Beginning at the line that includes "this 2352×1568 image." in the entries below, print each line exactly as it appears, through the last one.

### Material to process:
[Start of section]

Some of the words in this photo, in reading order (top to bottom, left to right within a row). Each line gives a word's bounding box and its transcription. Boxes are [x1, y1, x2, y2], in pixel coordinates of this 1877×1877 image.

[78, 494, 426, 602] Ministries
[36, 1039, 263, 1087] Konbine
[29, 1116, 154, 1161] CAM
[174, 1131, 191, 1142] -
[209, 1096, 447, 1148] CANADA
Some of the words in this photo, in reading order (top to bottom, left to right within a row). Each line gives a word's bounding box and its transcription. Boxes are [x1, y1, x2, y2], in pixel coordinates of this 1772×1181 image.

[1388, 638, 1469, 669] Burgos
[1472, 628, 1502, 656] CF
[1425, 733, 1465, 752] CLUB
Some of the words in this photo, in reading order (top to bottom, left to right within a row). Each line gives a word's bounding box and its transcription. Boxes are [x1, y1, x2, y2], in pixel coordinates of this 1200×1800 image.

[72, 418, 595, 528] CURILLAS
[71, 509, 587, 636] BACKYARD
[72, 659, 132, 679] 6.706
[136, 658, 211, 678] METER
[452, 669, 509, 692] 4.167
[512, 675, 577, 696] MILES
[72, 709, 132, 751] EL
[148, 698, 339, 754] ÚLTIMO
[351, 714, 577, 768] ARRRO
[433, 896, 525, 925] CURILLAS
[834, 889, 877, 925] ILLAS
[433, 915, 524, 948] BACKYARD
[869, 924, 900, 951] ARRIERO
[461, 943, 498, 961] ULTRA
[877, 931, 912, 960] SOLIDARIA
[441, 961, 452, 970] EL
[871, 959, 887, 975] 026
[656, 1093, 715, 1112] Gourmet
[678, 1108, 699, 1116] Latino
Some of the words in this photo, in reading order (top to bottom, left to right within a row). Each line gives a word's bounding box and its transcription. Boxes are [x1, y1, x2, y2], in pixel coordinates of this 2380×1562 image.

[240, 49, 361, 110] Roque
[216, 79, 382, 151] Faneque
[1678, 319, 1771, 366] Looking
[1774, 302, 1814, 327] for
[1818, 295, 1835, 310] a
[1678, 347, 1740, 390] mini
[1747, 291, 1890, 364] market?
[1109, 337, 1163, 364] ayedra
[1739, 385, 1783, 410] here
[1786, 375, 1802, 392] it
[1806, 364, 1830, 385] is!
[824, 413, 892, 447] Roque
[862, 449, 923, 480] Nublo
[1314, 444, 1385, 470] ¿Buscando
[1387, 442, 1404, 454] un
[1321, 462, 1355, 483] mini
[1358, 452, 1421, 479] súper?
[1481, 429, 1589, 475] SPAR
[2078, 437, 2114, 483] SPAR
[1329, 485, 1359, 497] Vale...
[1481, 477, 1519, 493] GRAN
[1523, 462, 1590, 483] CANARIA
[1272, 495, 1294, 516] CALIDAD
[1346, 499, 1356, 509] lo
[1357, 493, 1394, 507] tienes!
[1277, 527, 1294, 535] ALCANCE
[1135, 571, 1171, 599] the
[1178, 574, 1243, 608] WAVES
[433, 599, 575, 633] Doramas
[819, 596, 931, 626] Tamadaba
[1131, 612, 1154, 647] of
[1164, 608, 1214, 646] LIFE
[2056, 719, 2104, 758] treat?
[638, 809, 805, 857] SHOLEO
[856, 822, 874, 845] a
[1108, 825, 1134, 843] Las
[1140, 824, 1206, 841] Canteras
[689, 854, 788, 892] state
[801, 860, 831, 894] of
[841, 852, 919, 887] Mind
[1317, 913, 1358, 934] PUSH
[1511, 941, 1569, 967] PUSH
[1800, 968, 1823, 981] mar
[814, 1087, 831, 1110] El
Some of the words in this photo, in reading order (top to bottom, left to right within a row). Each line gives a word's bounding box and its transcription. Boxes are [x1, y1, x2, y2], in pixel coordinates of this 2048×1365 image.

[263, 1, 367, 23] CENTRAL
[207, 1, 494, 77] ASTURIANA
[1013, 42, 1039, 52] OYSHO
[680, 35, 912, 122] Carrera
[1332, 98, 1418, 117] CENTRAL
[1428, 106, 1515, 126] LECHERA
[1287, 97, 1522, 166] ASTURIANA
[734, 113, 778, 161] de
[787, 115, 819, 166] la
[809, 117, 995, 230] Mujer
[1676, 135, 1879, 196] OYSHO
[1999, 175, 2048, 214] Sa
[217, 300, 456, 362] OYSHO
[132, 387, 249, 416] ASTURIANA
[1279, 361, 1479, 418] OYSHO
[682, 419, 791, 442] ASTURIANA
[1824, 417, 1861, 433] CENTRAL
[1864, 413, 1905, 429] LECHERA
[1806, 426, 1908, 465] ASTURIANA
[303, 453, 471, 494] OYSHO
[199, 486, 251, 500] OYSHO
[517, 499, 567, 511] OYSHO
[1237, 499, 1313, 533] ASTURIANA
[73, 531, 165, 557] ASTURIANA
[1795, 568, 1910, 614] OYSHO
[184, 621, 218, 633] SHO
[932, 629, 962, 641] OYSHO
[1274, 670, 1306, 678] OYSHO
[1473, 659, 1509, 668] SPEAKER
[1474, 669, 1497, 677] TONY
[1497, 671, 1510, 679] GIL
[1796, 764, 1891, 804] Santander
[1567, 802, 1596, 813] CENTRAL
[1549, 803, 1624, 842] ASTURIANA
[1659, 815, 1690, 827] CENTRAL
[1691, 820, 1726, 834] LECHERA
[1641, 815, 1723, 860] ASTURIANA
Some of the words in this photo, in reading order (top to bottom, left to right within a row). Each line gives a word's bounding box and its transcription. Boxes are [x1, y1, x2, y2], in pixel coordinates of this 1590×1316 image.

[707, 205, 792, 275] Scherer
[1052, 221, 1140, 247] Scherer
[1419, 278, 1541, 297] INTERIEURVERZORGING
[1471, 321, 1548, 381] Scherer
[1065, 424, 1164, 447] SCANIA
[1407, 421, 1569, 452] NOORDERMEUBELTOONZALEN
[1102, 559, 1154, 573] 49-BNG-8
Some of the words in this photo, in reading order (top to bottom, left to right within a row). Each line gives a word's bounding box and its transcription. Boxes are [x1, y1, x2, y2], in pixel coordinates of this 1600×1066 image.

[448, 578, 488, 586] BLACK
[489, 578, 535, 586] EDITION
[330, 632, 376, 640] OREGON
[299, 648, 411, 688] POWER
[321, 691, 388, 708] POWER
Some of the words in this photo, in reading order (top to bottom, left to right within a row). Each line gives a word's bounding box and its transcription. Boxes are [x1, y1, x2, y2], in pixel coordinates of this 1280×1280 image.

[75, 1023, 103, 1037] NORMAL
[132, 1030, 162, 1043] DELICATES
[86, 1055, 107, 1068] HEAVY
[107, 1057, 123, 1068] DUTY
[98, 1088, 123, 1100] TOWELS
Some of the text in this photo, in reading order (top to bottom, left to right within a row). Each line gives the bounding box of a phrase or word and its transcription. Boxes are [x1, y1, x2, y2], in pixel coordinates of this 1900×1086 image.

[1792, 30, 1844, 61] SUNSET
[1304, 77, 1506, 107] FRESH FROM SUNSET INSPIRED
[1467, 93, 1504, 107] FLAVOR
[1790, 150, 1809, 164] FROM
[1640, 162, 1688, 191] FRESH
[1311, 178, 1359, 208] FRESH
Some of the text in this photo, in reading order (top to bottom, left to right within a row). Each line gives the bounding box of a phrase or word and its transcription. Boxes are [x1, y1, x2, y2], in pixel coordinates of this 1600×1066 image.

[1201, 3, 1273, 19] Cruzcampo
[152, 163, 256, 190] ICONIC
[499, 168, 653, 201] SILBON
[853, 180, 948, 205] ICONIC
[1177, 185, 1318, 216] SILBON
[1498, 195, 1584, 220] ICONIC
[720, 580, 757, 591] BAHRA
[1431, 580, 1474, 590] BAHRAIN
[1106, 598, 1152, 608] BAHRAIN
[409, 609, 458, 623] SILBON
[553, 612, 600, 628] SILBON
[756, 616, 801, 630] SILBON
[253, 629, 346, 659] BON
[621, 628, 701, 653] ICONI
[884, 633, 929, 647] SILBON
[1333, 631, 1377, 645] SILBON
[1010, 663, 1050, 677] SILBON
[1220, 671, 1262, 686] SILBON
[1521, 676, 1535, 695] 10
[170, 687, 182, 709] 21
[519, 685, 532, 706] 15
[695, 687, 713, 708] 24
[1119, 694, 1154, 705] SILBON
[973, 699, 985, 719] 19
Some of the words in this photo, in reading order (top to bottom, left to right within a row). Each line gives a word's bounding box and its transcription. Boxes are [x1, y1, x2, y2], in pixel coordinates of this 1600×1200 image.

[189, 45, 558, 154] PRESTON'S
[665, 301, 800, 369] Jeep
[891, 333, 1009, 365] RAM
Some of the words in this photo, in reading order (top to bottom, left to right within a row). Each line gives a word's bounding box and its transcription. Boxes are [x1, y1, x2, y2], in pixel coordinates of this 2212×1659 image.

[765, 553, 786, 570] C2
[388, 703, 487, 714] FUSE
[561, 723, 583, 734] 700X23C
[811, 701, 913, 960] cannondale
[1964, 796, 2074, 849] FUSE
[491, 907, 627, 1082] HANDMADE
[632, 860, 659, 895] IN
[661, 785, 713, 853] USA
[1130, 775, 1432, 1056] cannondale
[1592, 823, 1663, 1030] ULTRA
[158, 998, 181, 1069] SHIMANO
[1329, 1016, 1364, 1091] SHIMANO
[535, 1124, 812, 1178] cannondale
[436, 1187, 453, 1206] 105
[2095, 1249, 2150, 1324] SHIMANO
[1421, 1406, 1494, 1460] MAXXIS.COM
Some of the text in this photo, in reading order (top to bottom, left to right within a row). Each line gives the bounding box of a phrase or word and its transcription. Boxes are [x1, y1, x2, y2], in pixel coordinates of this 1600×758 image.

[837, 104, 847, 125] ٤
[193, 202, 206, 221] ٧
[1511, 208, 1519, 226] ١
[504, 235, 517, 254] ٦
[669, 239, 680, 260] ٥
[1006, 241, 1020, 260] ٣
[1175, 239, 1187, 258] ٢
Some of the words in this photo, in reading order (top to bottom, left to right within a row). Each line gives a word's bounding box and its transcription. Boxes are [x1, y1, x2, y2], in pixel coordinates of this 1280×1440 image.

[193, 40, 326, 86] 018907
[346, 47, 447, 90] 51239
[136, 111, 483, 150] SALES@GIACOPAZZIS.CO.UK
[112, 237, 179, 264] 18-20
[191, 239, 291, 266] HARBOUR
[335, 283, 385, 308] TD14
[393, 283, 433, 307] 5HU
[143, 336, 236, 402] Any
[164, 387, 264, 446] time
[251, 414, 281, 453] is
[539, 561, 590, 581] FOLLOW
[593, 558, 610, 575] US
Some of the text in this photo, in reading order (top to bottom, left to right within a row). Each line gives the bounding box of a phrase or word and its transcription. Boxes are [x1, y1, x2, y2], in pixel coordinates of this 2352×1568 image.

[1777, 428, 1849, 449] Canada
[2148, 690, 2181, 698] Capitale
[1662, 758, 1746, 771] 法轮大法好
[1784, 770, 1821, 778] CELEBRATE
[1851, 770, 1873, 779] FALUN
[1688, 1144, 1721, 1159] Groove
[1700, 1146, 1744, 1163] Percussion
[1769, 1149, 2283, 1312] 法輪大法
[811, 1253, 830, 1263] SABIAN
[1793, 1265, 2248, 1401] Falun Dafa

[End of section]

### Answer area:
Some of the text in this photo, in reading order (top to bottom, left to right within a row). Each line gives the bounding box of a phrase or word and its transcription. Boxes are [x1, y1, x2, y2], in pixel coordinates of this 2352×1568 image.

[1777, 428, 1849, 449] Canada
[2148, 690, 2181, 698] Capitale
[1662, 758, 1746, 771] 法轮大法好
[1784, 770, 1821, 778] CELEBRATE
[1851, 770, 1873, 779] FALUN
[1688, 1144, 1721, 1159] Groove
[1700, 1146, 1744, 1163] Percussion
[1769, 1149, 2283, 1312] 法輪大法
[811, 1253, 830, 1263] SABIAN
[1793, 1265, 2248, 1401] Falun Dafa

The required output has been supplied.